А сейчас он вдохновенно кашеварил, и порядок в кухне выдавал опытного повара.
— Получил дополнительный паек, — похвастался Костров, — и решил угостить Архангельских. Все же какие удивительные люди ваши родные! Ну садитесь, товарищ Львова, вам первая тарелка.
Он снова вытер руки и взял половник. Не слушая возражений, усадил Элеонору за свой кухонный стол, чистый и пустой.
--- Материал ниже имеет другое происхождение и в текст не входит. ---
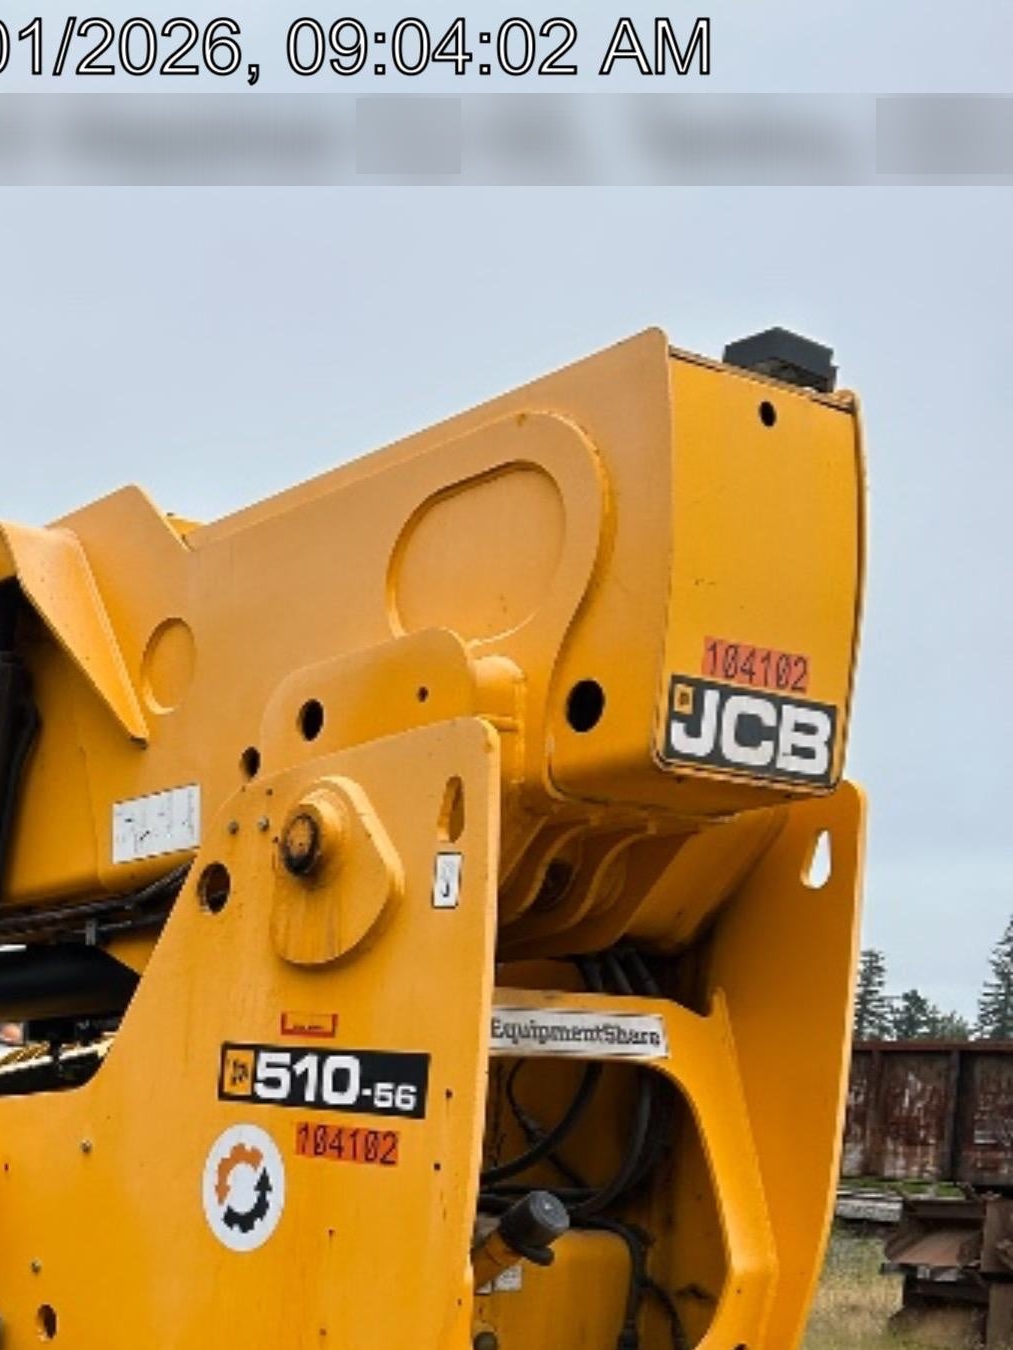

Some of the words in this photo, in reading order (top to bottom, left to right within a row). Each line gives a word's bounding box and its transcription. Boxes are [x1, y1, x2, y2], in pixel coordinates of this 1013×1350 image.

[706, 641, 809, 693] 104102
[671, 689, 831, 775] JCB
[253, 1051, 418, 1112] 510-56
[297, 1122, 399, 1166] 104102
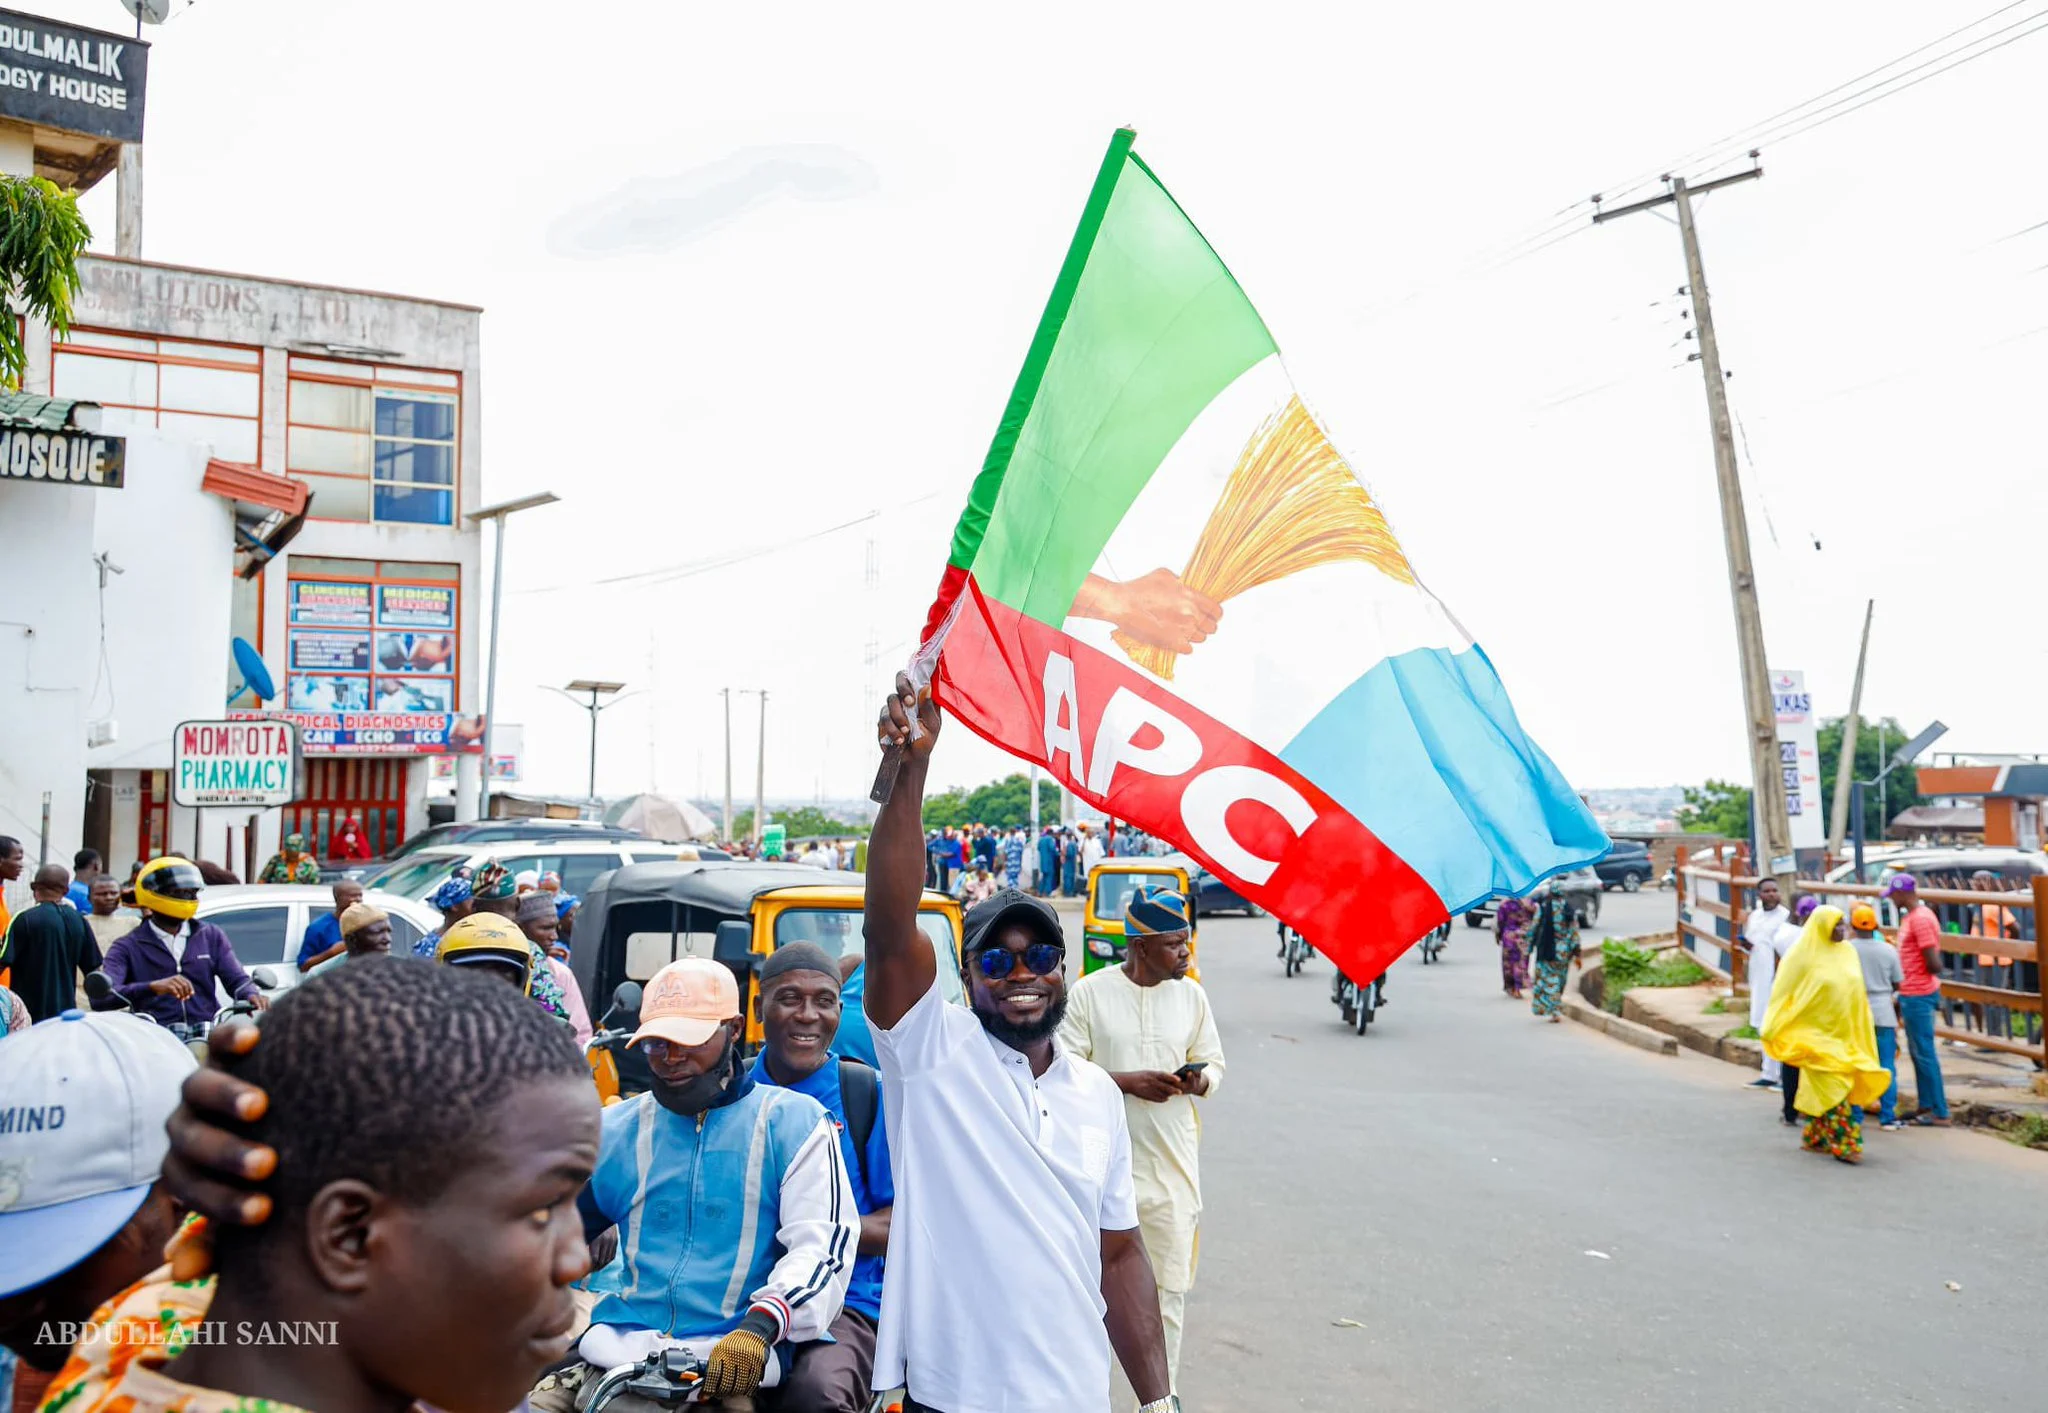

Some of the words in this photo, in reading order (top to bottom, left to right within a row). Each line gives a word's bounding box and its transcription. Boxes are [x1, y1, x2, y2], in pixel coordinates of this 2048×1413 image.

— Хлеба, к сожалению, нет. А это называется салма.
— Звучит интригующе.
— Ну да, — Костров подал ей ложку и засмеялся, — в оригинале это должен быть суп с бараниной и лапшой, но в данном блюде нет ни того ни другого. Просто в детстве нам варили суп черт знает из чего и называли его салма. Как же хорошо, что вы пришли! Я ненавижу есть один.
Костров сел рядом и энергично заработал ложкой.
— Очень вкусно, — искренне заметила Элеонора.
— Спасибо. А на сладкое у нас будет копорский чай с сахарином.
— Неслыханная роскошь.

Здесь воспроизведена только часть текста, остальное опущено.